* **Exercise aim**
No picture belongs in the copy. Repeat each line below exactly.

Dataset records START

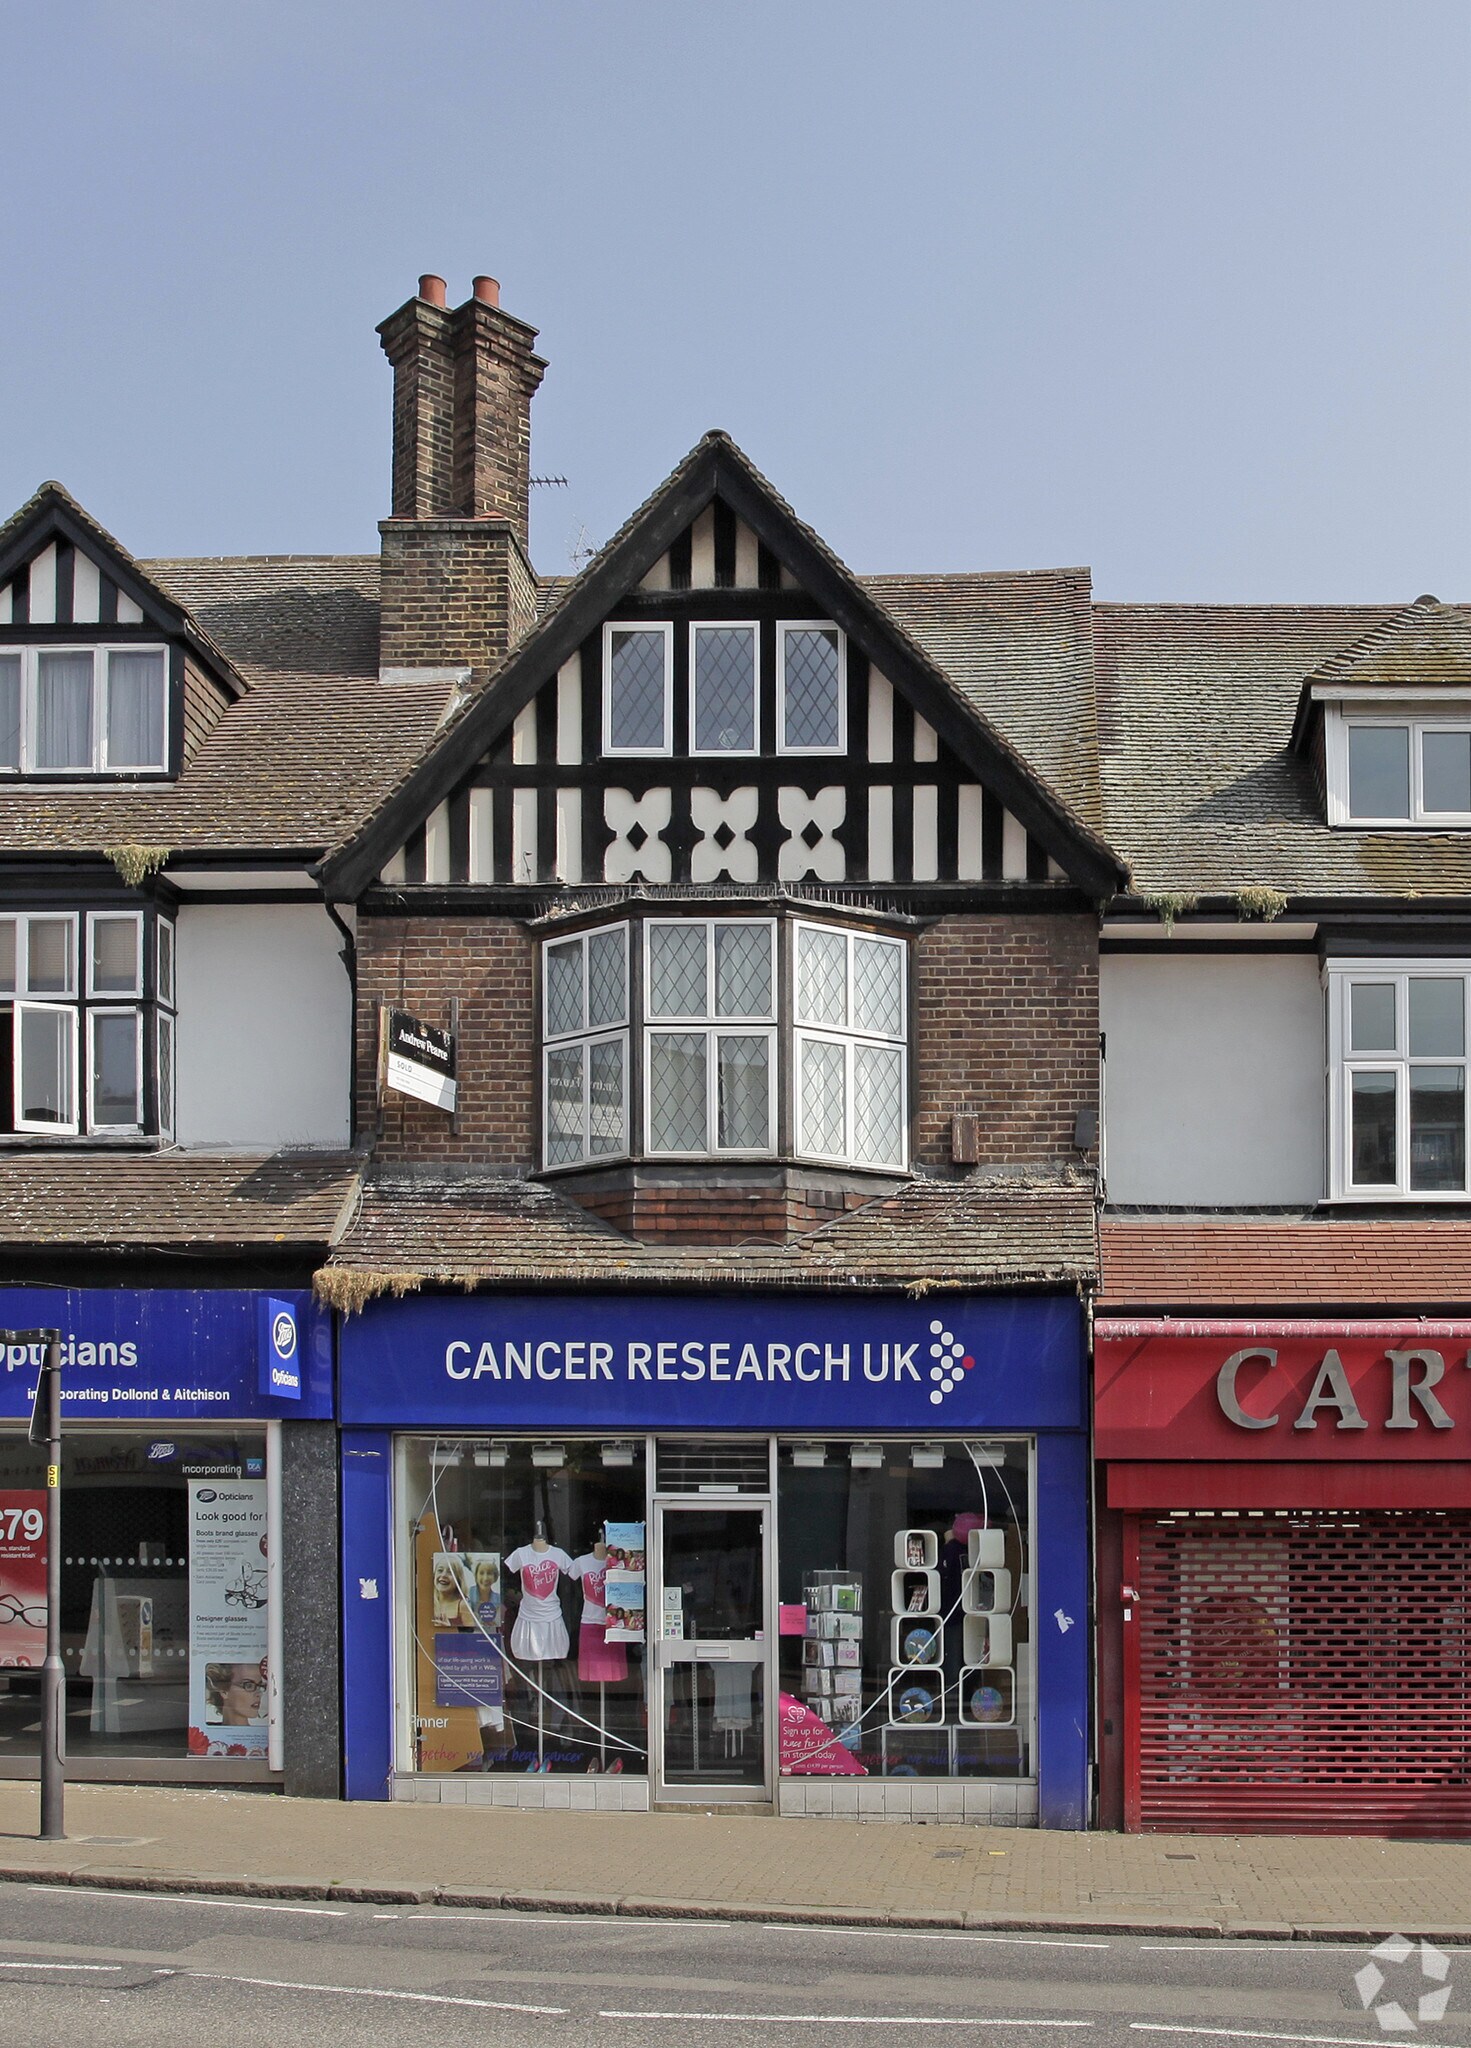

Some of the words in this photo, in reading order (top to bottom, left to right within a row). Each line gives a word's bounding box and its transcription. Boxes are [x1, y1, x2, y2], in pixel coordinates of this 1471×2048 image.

[399, 1029, 426, 1050] Andrew
[427, 1040, 448, 1060] Pearce
[397, 1061, 412, 1073] SOLD
[445, 1341, 614, 1380] CANCER
[627, 1342, 850, 1381] RESEARCH
[862, 1343, 921, 1381] UK
[272, 1366, 299, 1387] Opticians
[112, 1388, 158, 1401] Dollond
[162, 1389, 171, 1401] &
[174, 1388, 230, 1401] Aitchison
[1217, 1347, 1471, 1430] CAR
[148, 1443, 175, 1459] Boots
[49, 1466, 56, 1476] S
[182, 1464, 242, 1476] incorporating
[49, 1476, 56, 1486] 6
[219, 1492, 254, 1501] Opticians
[196, 1512, 220, 1521] Look
[222, 1512, 247, 1522] good
[250, 1512, 263, 1521] for
[0, 1508, 44, 1541] 79
[196, 1529, 214, 1537] Boots
[216, 1529, 234, 1537] brand
[235, 1530, 258, 1538] glasses
[528, 1561, 552, 1578] Race
[588, 1571, 607, 1585] Rac
[196, 1615, 223, 1624] Designer
[225, 1615, 248, 1624] glasses
[783, 1727, 799, 1738] Sign
[801, 1729, 811, 1738] up
[813, 1727, 824, 1736] for

Dataset records END

* **Problem solution**
Some of the words in this photo, in reading order (top to bottom, left to right within a row). Each line gives a word's bounding box and its transcription. Boxes are [x1, y1, x2, y2], in pixel coordinates of this 1471×2048 image.

[399, 1029, 426, 1050] Andrew
[427, 1040, 448, 1060] Pearce
[397, 1061, 412, 1073] SOLD
[445, 1341, 614, 1380] CANCER
[627, 1342, 850, 1381] RESEARCH
[862, 1343, 921, 1381] UK
[272, 1366, 299, 1387] Opticians
[112, 1388, 158, 1401] Dollond
[162, 1389, 171, 1401] &
[174, 1388, 230, 1401] Aitchison
[1217, 1347, 1471, 1430] CAR
[148, 1443, 175, 1459] Boots
[49, 1466, 56, 1476] S
[182, 1464, 242, 1476] incorporating
[49, 1476, 56, 1486] 6
[219, 1492, 254, 1501] Opticians
[196, 1512, 220, 1521] Look
[222, 1512, 247, 1522] good
[250, 1512, 263, 1521] for
[0, 1508, 44, 1541] 79
[196, 1529, 214, 1537] Boots
[216, 1529, 234, 1537] brand
[235, 1530, 258, 1538] glasses
[528, 1561, 552, 1578] Race
[588, 1571, 607, 1585] Rac
[196, 1615, 223, 1624] Designer
[225, 1615, 248, 1624] glasses
[783, 1727, 799, 1738] Sign
[801, 1729, 811, 1738] up
[813, 1727, 824, 1736] for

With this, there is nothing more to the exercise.